> **WHAT THIS TASK INVOLVES**
Please transcribe all of the records precisely.

(Collected data)
★ ★ ★ ★
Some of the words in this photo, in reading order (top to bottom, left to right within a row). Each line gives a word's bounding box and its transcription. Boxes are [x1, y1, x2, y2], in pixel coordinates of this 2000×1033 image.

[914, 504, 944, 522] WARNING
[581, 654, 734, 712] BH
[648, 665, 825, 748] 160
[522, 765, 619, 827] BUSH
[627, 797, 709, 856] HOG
★ ★ ★ ★
> **COMPLETED EXERCISE**
Some of the words in this photo, in reading order (top to bottom, left to right within a row). Each line gives a word's bounding box and its transcription. Boxes are [x1, y1, x2, y2], in pixel coordinates of this 2000×1033 image.

[914, 504, 944, 522] WARNING
[581, 654, 734, 712] BH
[648, 665, 825, 748] 160
[522, 765, 619, 827] BUSH
[627, 797, 709, 856] HOG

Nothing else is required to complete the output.